How to complete this task >>
Scan the lines below for the string "MANCHURIAN" and copy every one that has it.

(Data entries)
• • • •

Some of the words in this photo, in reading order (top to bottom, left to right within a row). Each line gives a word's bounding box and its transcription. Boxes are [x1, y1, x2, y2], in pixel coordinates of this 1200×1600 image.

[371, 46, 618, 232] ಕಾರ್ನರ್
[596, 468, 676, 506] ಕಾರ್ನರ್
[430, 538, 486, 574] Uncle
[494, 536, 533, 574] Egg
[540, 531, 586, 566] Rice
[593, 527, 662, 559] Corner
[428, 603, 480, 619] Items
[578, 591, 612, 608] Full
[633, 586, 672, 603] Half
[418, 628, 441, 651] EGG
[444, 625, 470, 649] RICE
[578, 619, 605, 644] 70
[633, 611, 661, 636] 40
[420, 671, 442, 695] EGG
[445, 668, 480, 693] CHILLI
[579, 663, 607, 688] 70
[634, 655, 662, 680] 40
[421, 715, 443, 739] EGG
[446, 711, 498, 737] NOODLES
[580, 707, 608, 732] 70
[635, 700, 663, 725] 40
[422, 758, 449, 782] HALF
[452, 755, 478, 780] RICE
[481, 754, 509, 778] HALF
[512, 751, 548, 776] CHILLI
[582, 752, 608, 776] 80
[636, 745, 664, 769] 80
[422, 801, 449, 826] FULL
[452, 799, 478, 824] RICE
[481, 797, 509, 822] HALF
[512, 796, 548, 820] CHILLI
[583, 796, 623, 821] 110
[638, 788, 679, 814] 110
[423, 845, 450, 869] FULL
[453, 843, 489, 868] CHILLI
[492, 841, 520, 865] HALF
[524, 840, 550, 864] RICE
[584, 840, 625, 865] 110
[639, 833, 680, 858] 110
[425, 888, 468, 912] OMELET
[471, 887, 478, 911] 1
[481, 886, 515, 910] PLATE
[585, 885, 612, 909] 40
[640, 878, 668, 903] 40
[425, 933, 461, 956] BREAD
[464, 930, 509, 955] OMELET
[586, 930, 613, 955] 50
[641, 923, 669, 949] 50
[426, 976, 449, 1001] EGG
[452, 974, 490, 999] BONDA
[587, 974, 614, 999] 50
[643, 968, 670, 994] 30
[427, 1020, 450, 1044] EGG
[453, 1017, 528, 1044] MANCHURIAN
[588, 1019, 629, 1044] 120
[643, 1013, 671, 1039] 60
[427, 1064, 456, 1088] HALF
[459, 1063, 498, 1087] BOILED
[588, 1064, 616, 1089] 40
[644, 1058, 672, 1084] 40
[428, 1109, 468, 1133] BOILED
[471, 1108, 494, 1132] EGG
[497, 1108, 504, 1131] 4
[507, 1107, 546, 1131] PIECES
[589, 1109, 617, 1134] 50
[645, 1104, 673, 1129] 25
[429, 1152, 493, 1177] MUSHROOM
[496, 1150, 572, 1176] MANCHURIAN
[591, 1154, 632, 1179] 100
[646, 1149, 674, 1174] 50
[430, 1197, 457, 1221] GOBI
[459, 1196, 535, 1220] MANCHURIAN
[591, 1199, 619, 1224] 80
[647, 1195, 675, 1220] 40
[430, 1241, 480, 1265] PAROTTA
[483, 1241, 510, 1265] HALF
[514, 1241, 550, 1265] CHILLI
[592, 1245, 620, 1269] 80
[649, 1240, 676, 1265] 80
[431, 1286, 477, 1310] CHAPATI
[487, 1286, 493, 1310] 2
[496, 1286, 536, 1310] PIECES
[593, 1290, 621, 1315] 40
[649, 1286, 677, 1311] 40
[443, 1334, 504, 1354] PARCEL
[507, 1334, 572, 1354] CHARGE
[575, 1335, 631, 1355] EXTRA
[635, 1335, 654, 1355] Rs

• • • •

Response >>
[453, 1017, 528, 1044] MANCHURIAN
[496, 1150, 572, 1176] MANCHURIAN
[459, 1196, 535, 1220] MANCHURIAN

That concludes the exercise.